With regard to the first of these questions, there is, of course, nothing wrong of a conceiving of a game in which the “rook” can move differently. It is just that that this game would not be chess. The pieces might be the same and the board might be the same and the other pieces might move in identical manner. However, the game of chess is, by and large, no more then the sum of the rules that make up the game and moving a “rook” thus would violate those rules. (It should be pointed out that a chess piece, such as a rook, is a chess peace by virtue of the rules of the game not by virtue of what it is called or how it is shaped. For this and other reasons, a move is only a move in a game.) Different rules different game. (To be sure, it is possible to conceive of chess as being played in alternative manner. Imagine for example that in the Western world the pawn can be moved two spaces forward on its first move, like it is now, but that the Chinese forbid it. My playing partner and I could then ponder whether we wanted to play by Western rules or by Chinese. However, there would be no non question begging why of determining what was the right way to play chess, the Chinese way or the Western way. Minor differences do not always add up to a difference in kind.)
Now, there are societies in which female circumcision is consistent with “moral” teachings of those societies. That is not in dispute, nor is the notion that female circumcision violates “western” ideas of what is right. What I think should be disputed is the notion that we can not condemn the practice because other people “conceive” of “morality” differently. The problem for the moral relativist is not that, dammit, female circumcision is just wrong. His problem is it is not enough to say that Westerners engage in particular language games and that the rest of the world plays in some cases altogether different games. What he needs to do is akin to explaining how a game of chess is more than just the sum of the rules of the game. He needs to show that the game westerners play is the same game that other people play, only it is played according to entirely different rules. Only then will he be able to say in the case of female circumcision that for one group the move is legitimate and for the other group illegitimate.
The problem is, though, that failing to condemn female circumcision would send logical tremors that could threaten to break apart the series of interlocking language games we call morality. We can no more recognize an alternative account arising from a different set of moral precepts than we can recognize a game in which a “rook” moves differently as chess.

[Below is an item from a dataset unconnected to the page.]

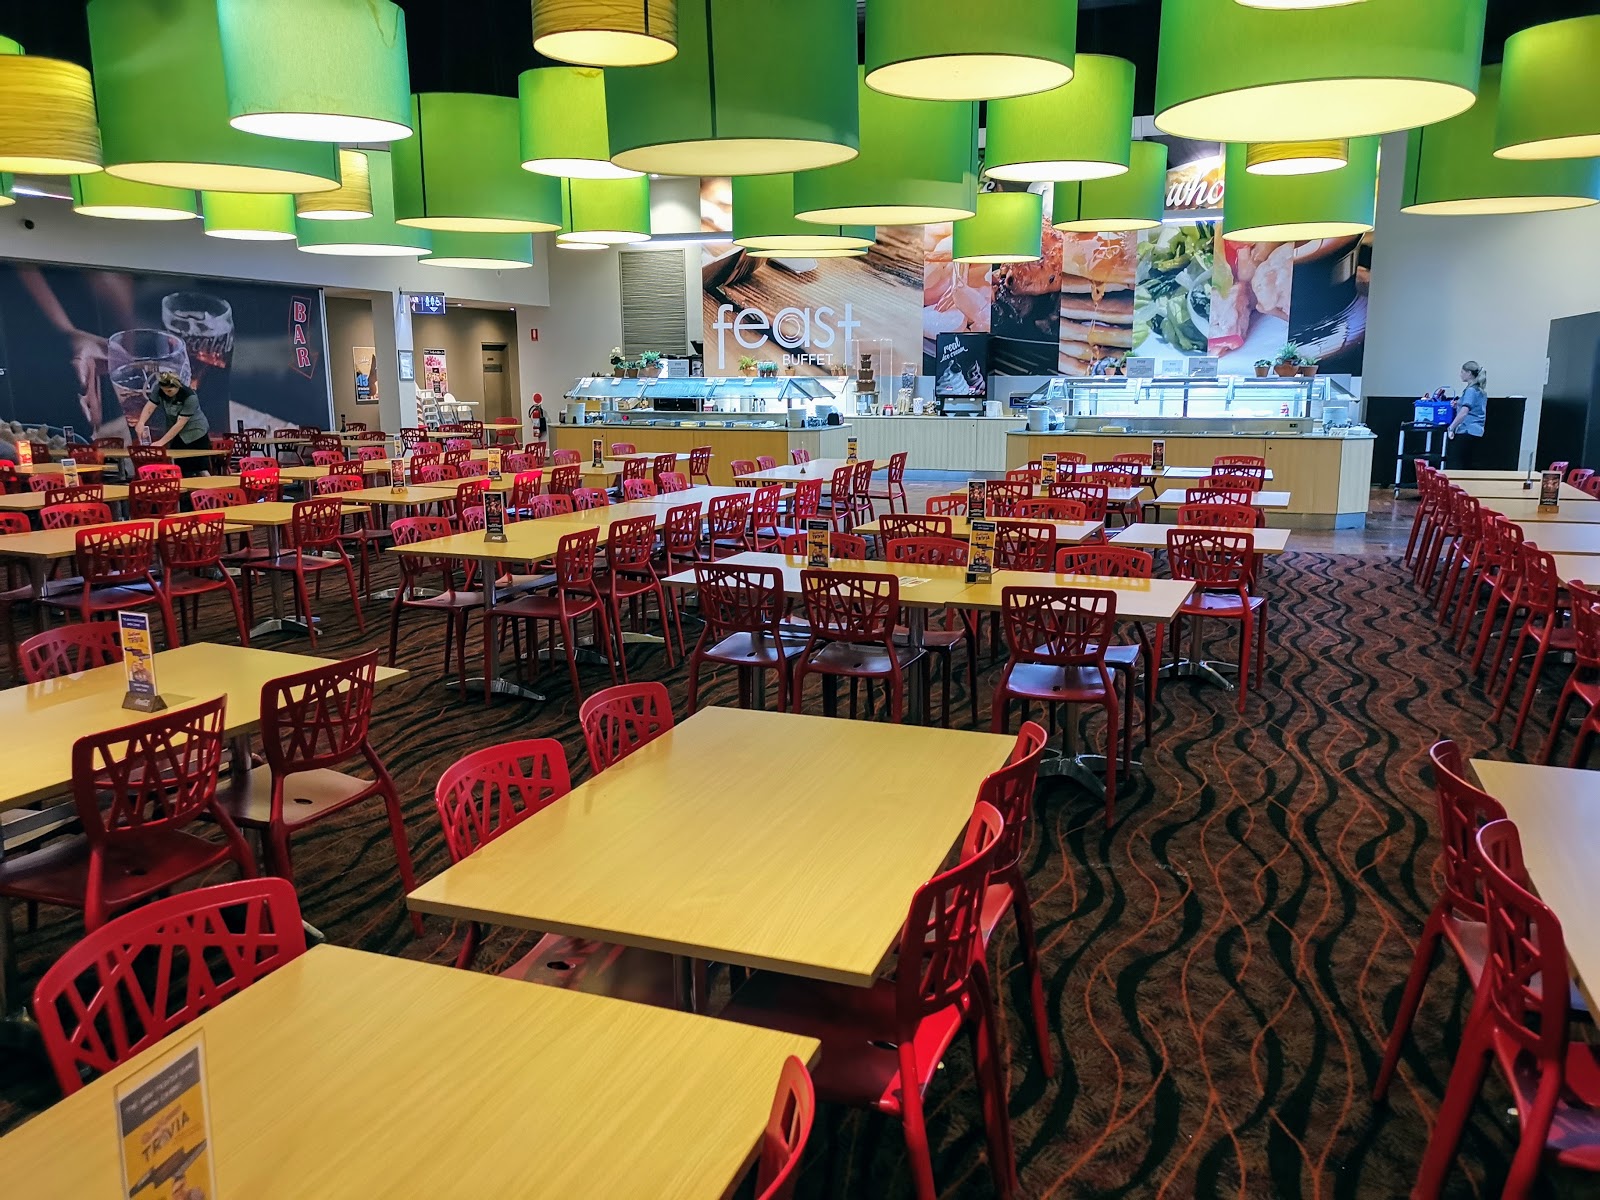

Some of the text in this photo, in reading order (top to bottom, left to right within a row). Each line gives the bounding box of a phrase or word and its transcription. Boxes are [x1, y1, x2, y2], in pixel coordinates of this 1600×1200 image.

[293, 301, 311, 368] BAR
[712, 303, 861, 370] feast
[782, 353, 834, 366] BUFFET

All told, if we conceive of morality as simply a bunch of interlocking language games, what we end up with is remarkably similar to the static universal morality that the moral relativists dismiss. The moral relativist is right about the very human origin of morality and chess. However, what makes, say, a game of chess a game of chess is simply that the game is played in accordance with the rules that make up the game. As such, there are limits to the extent we can change the rules of the game and have it still have it remain the same game.
Koby, I don't see morality as a word game.
As such, there are limits to the extent we can change the rules of the game and have it still have it remain the same game.
And your chess analogy really seems to support maintaining the opposite-sex requirement of marriage.
Moral relativists assume that there are different systems of morality and that there is no objective way to determine which system is the correct one. Linda goes along with this in so far as she says there are different truth claims being made about the same thing. Where she differs from the moral relativist is she claims that god or natural law, things that many people reject outright, decide the issue.
Now, Linda is simply wrong to assume that one is either a moral relativist or a moral absolutist. I am, if anything, a nominalist. I deny that conflicting truth claims are being made.